WHAT THE TASK REQUIRES:
Write the records out again exactly as they read, dropping any picture they hold.

───── RECORDS PROVIDED

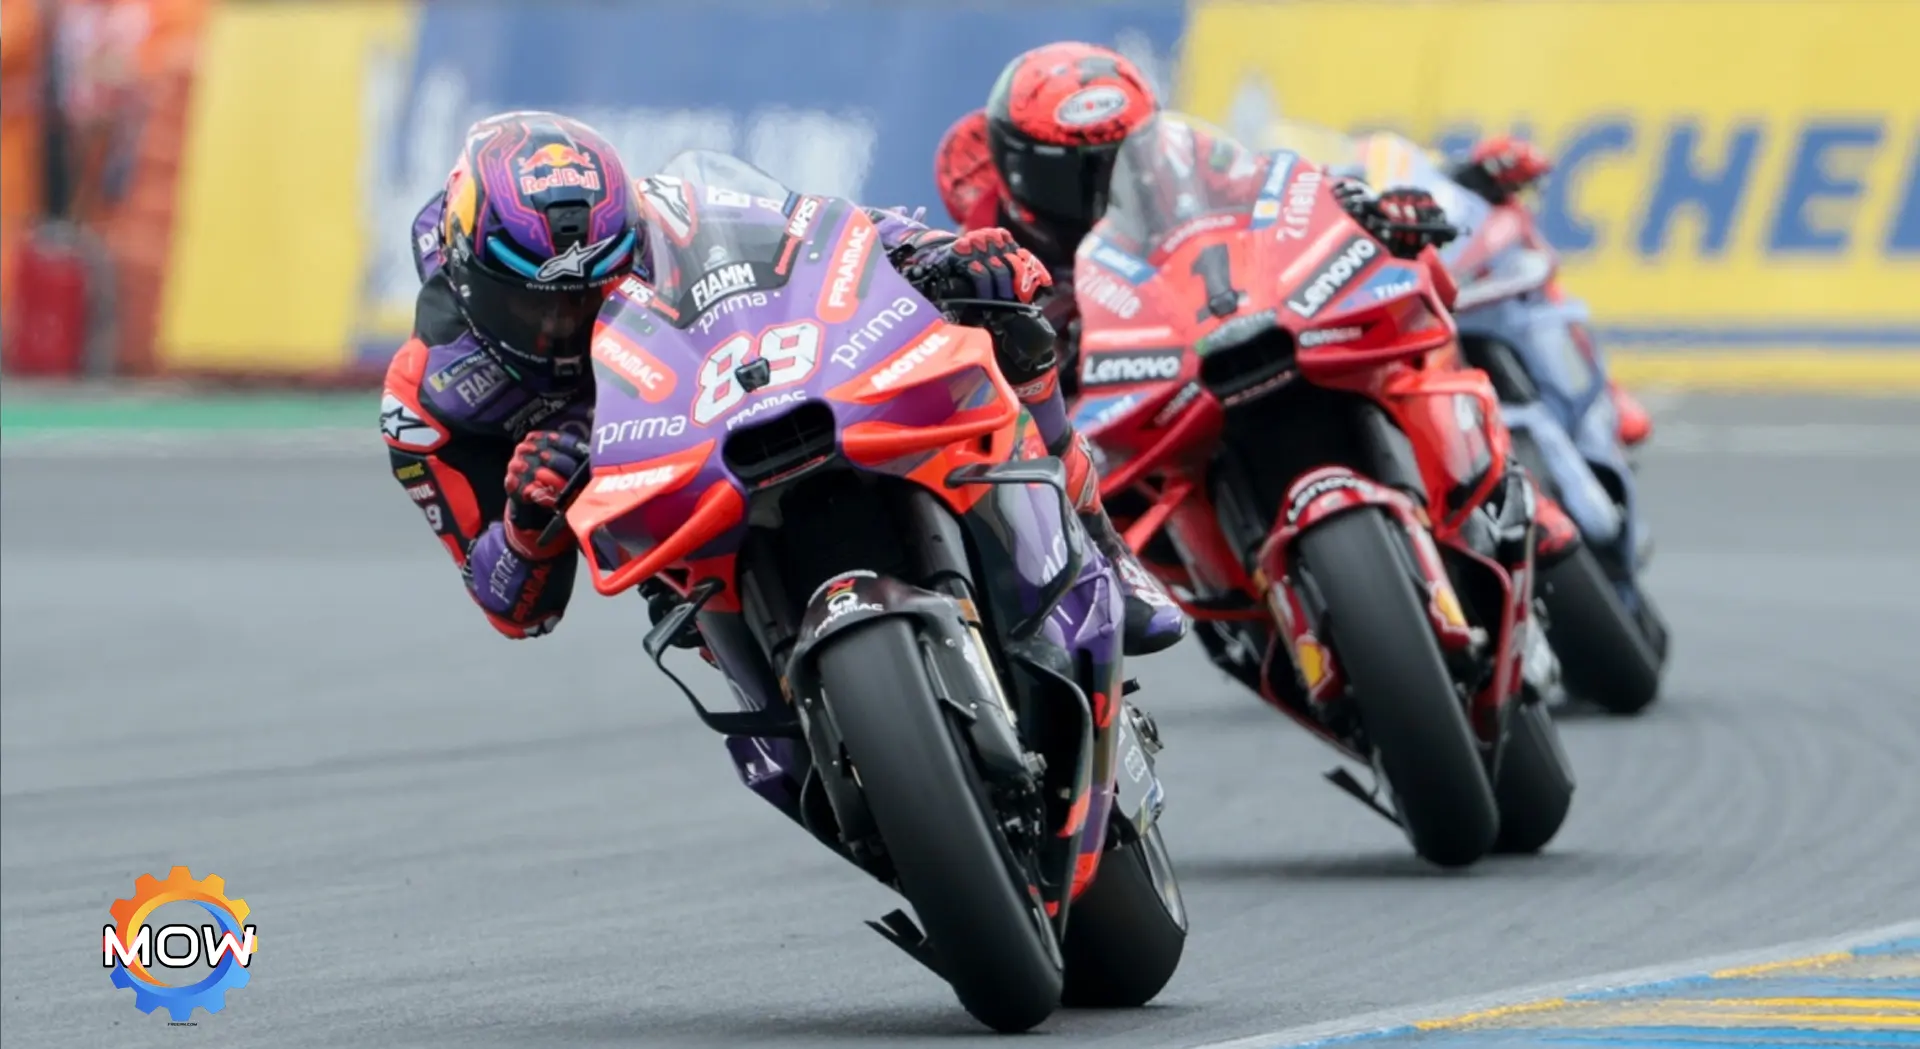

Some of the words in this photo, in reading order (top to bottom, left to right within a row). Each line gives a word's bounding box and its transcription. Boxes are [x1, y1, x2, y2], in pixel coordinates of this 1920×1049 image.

[520, 168, 562, 195] Red
[562, 168, 600, 190] Bull
[691, 263, 756, 310] FIAMM
[828, 226, 871, 308] PRAMAC
[1191, 243, 1247, 323] 1
[1287, 238, 1376, 318] Lenovo
[699, 291, 768, 335] prima
[831, 297, 918, 370] prima
[597, 337, 665, 390] PRAMAC
[691, 320, 823, 428] 89
[870, 332, 950, 390] MOTUL
[1082, 355, 1181, 383] Lenovo
[596, 415, 687, 455] prima
[726, 390, 808, 431] PRAMAC
[594, 465, 674, 493] MOTUL
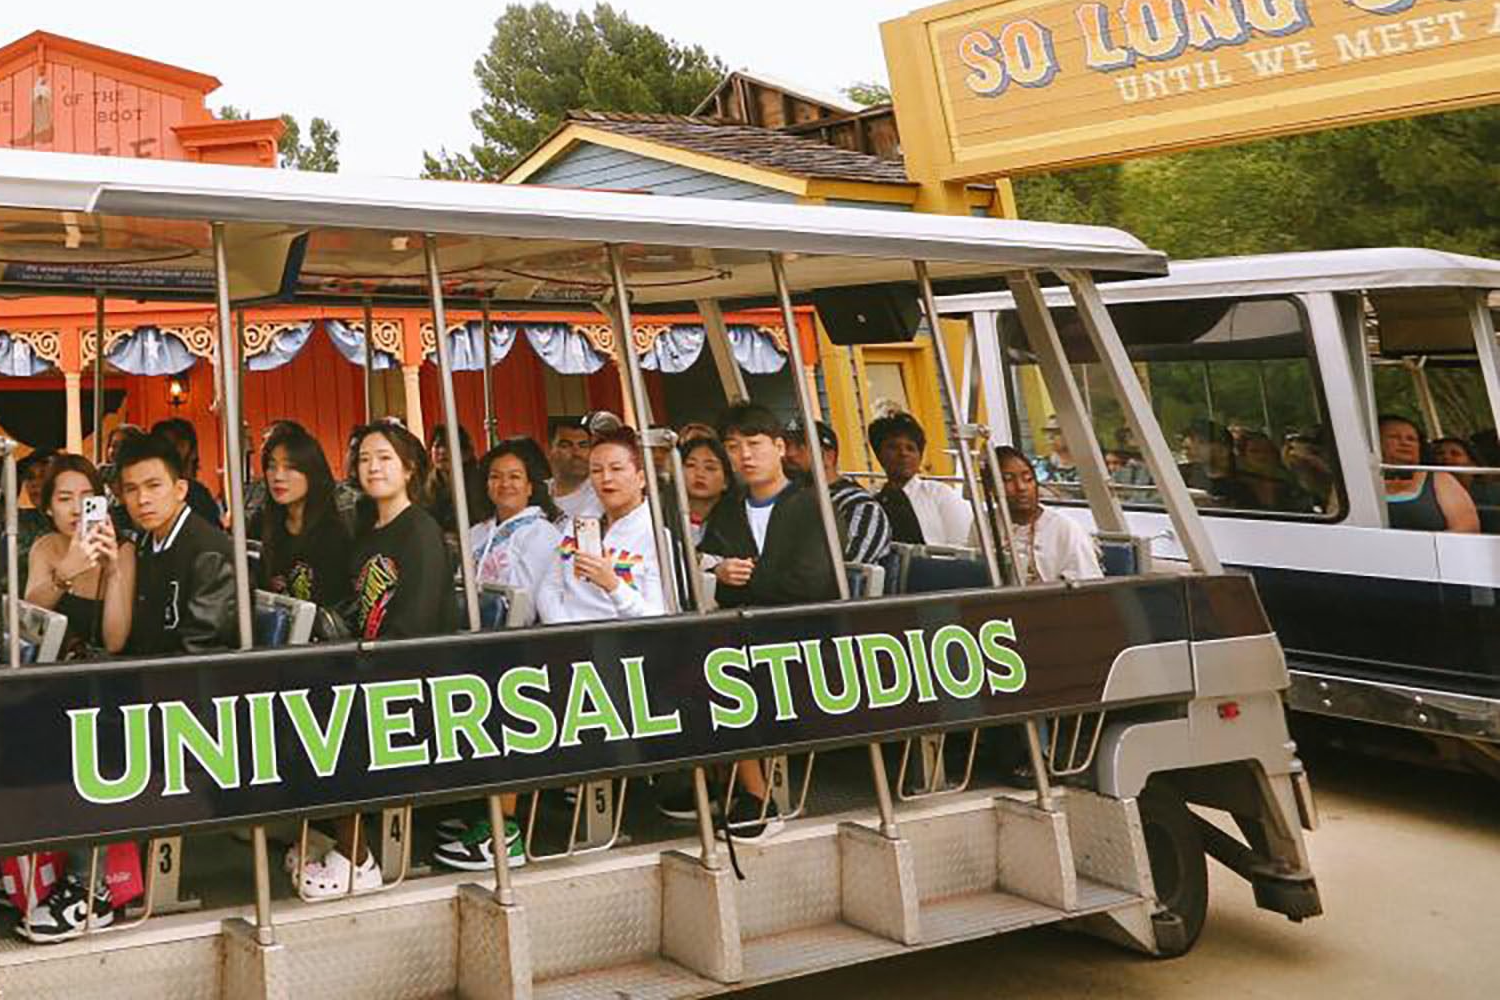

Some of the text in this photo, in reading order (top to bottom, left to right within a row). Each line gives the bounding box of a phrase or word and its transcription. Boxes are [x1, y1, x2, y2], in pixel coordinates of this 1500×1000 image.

──────────

ANSWER TO THIS TASK:
Some of the words in this photo, in reading order (top to bottom, left to right within a row). Each line gives a word's bounding box and its transcription. Boxes are [x1, y1, x2, y2], in pixel coordinates of this 1920×1049 image.

[520, 168, 562, 195] Red
[562, 168, 600, 190] Bull
[691, 263, 756, 310] FIAMM
[828, 226, 871, 308] PRAMAC
[1191, 243, 1247, 323] 1
[1287, 238, 1376, 318] Lenovo
[699, 291, 768, 335] prima
[831, 297, 918, 370] prima
[597, 337, 665, 390] PRAMAC
[691, 320, 823, 428] 89
[870, 332, 950, 390] MOTUL
[1082, 355, 1181, 383] Lenovo
[596, 415, 687, 455] prima
[726, 390, 808, 431] PRAMAC
[594, 465, 674, 493] MOTUL

Some of the text in this photo, in reading order (top to bottom, left to right within a row). Each line gives the bounding box of a phrase or word and its transcription. Boxes are [x1, y1, x2, y2], in pixel coordinates of this 1500×1000 image.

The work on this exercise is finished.